Campus Martius hosts online students

MARIETTA – Snow and cold temperatures closed school for many area students Thursday, but class was in session at the Campus Martius Museum for children from all around Ohio.

Ohio Connections Academy, an online community school with approximately 3,300 students enrolled around the state, held a family engagement activity at the Marietta museum that drew about 170 students, family members and teachers. Around 300 originally RSVP’ed, but the weather cut into the numbers.

Still, it was one of the larger student groups the museum has welcomed, said Glenna Hoff, education and program director at the museum.

“We’ve had over 100 at a time, but mostly maybe in the 80s,” she said.

One challenge this group presented was the diversity of ages, with students from kindergarten to 12th grade.

“We were able to work it out. We have a good team of volunteers,” Hoff said.

Topics, often accompanied with hands-on activities, included weaving, quilting, candle-dipping, military drill, pioneer clothing, quill-writing, surveying and transportation.

Seventh-grader John Brogan II, of Gibsonburg, near Toledo, enjoyed touring the home of Rufus Putnam, one of Marietta’s founding fathers, located entirely within the museum. He was particularly struck by the beds, and how many people they were supposed to sleep.

“They’re kind of small. It’s as big as my bed,” he said. “It’s kind of interesting how they’re going to fit three people in that bed.”

Ohio Connections Academy has multiple family engagement activities each year at locations throughout the state. Campus Martius was chosen for its location in the southeast region, but some of Thursday’s participants came from three or more hours away.

“I wanted to have the time with my daughter, and it just sounded like something interesting,” said Stacy Shanahan, 43, of Kettering. “It’s been a very good experience for us so far.”

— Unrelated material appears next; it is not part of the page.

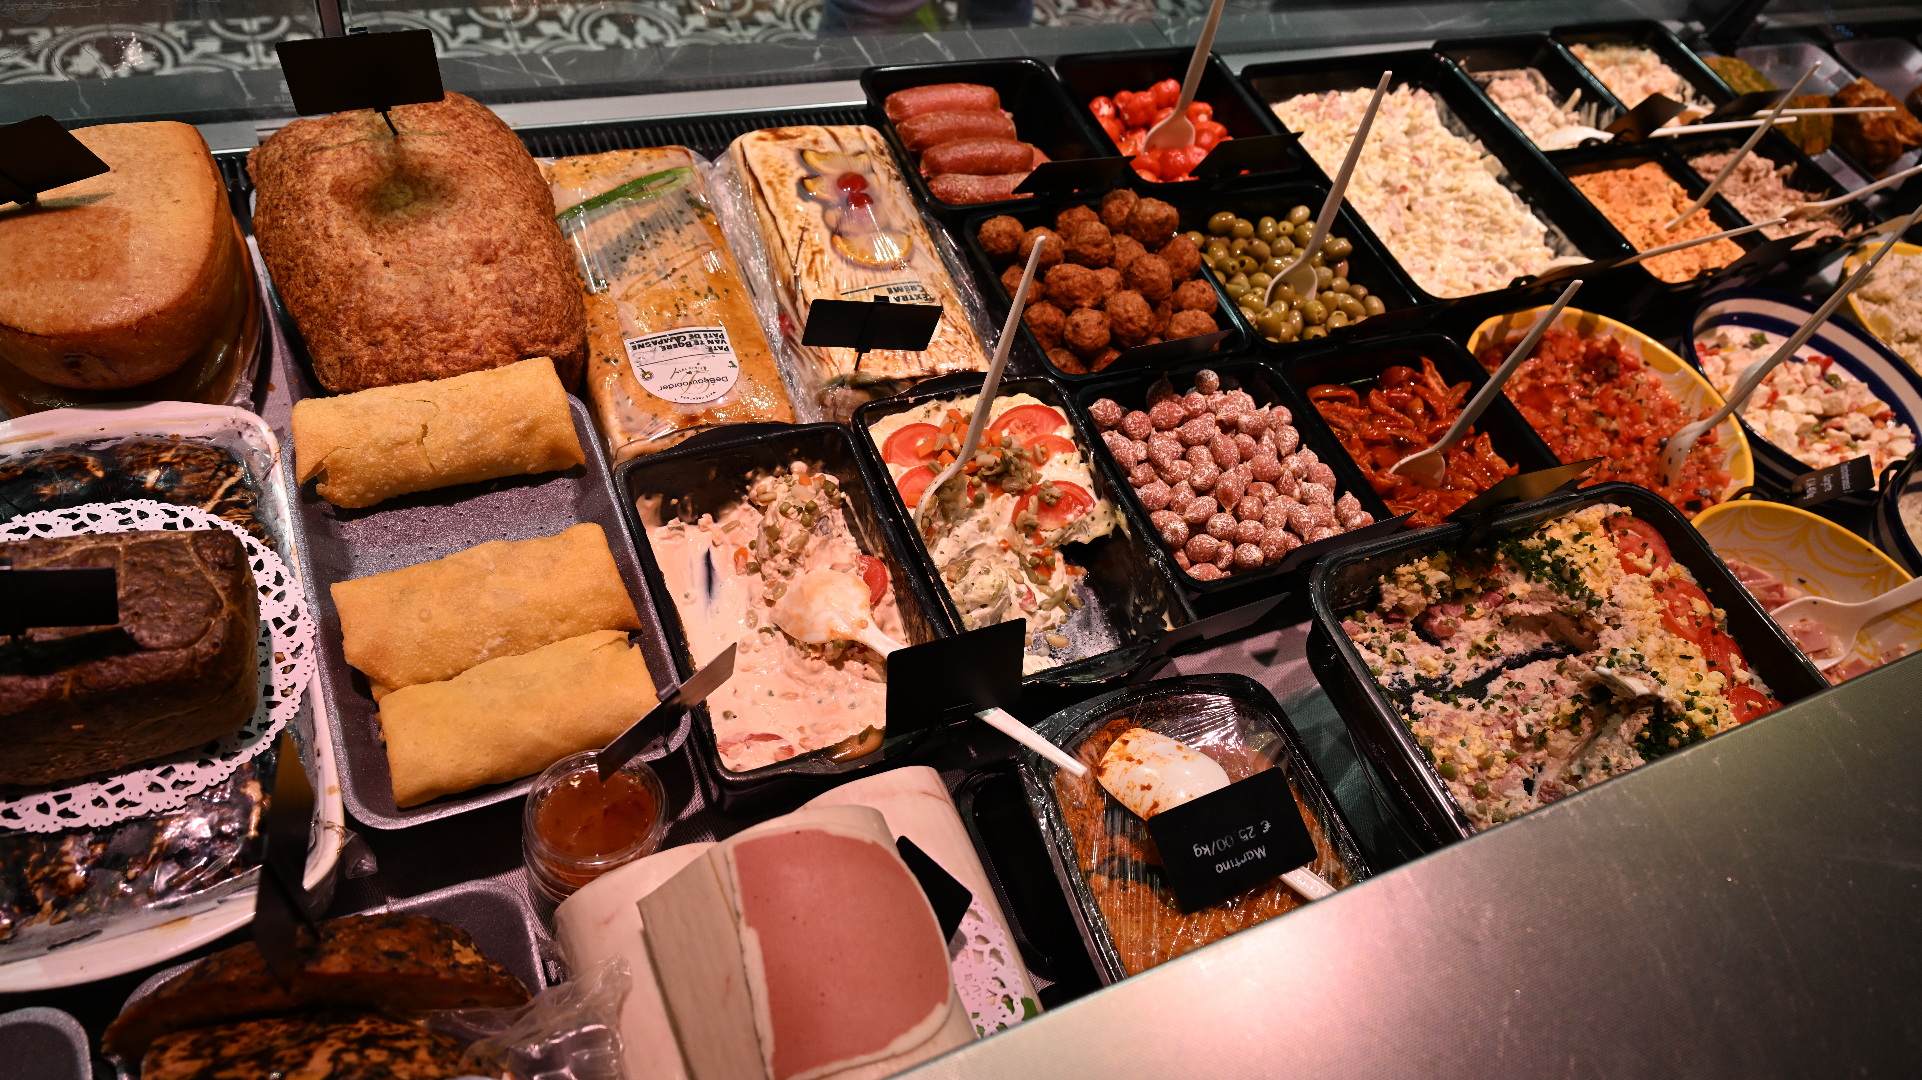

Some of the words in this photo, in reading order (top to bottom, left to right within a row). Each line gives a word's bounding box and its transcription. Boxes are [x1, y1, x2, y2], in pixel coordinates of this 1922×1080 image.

Marietta resident Amber Heiss, 31, said she’s taken her children, Madisyn and Landon, to OCA activities at a Columbus Crew soccer game and the Great Lakes Science Center in Cleveland in their first year of enrollment. She was pleasantly surprised when she learned the next one would be right in their backyard.

“It was nice (that) we didn’t have to get up really early and drive really far,” Heiss said.

The sessions allow her to pick the brains of other parents, especially those with multiple children enrolled.

“You get to talk to the other people who have done it more,” she said.

Students interact with their teachers and classmates online through secure channels, but the engagement activities add another level, said Marie Hanna, OCA superintendent.

“It’s educational, but it’s also a time for them to have some social interaction with the other kids,” she said.

Second-graders Grayce Garinger, of Chillicothe, and Cordelia Mendenhall, of Belpre, had never met before Thursday, but found they had something in common besides being OCA students. Both enjoyed the quilt-making activity at the museum.

“You got to, like, glue the quilt,” Mendenhall said.

“That’s my favorite part, too,” Garinger piped up.

The activities can also benefit teachers, said Anna Trachsel, OCA principal.

“To actually be physically next to the person, the teacher can learn a lot more about the student,” she said.

Online community schools receive state funding, do not charge tuition and provide a computer for students at no charge.